Study material: Begin

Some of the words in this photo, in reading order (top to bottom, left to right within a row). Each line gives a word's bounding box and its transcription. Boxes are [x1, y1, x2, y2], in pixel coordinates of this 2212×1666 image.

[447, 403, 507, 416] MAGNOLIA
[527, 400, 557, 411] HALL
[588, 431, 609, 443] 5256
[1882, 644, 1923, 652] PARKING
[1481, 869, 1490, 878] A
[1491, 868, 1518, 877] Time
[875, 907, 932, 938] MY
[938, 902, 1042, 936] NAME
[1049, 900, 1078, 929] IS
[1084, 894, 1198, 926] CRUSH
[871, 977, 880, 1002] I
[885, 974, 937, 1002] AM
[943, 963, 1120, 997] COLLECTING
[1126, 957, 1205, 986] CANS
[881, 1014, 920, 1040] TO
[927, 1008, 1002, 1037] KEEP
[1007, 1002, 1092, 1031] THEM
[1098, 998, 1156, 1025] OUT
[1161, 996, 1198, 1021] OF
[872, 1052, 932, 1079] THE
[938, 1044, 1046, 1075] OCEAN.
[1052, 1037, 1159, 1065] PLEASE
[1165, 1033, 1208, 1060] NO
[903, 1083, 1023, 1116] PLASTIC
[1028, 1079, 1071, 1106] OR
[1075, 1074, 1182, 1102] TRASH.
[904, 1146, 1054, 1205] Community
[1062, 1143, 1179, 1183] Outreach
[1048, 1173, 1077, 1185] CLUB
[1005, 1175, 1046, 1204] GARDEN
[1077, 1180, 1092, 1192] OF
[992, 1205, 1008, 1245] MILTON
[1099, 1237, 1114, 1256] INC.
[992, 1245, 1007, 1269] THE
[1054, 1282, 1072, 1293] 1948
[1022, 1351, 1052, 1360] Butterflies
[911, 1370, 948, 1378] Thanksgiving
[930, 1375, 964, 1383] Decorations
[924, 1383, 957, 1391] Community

Study material: End

Each entry above has to be duplicated exactly as it stands.

* Exercise answer *
Some of the words in this photo, in reading order (top to bottom, left to right within a row). Each line gives a word's bounding box and its transcription. Boxes are [x1, y1, x2, y2], in pixel coordinates of this 2212×1666 image.

[447, 403, 507, 416] MAGNOLIA
[527, 400, 557, 411] HALL
[588, 431, 609, 443] 5256
[1882, 644, 1923, 652] PARKING
[1481, 869, 1490, 878] A
[1491, 868, 1518, 877] Time
[875, 907, 932, 938] MY
[938, 902, 1042, 936] NAME
[1049, 900, 1078, 929] IS
[1084, 894, 1198, 926] CRUSH
[871, 977, 880, 1002] I
[885, 974, 937, 1002] AM
[943, 963, 1120, 997] COLLECTING
[1126, 957, 1205, 986] CANS
[881, 1014, 920, 1040] TO
[927, 1008, 1002, 1037] KEEP
[1007, 1002, 1092, 1031] THEM
[1098, 998, 1156, 1025] OUT
[1161, 996, 1198, 1021] OF
[872, 1052, 932, 1079] THE
[938, 1044, 1046, 1075] OCEAN.
[1052, 1037, 1159, 1065] PLEASE
[1165, 1033, 1208, 1060] NO
[903, 1083, 1023, 1116] PLASTIC
[1028, 1079, 1071, 1106] OR
[1075, 1074, 1182, 1102] TRASH.
[904, 1146, 1054, 1205] Community
[1062, 1143, 1179, 1183] Outreach
[1048, 1173, 1077, 1185] CLUB
[1005, 1175, 1046, 1204] GARDEN
[1077, 1180, 1092, 1192] OF
[992, 1205, 1008, 1245] MILTON
[1099, 1237, 1114, 1256] INC.
[992, 1245, 1007, 1269] THE
[1054, 1282, 1072, 1293] 1948
[1022, 1351, 1052, 1360] Butterflies
[911, 1370, 948, 1378] Thanksgiving
[930, 1375, 964, 1383] Decorations
[924, 1383, 957, 1391] Community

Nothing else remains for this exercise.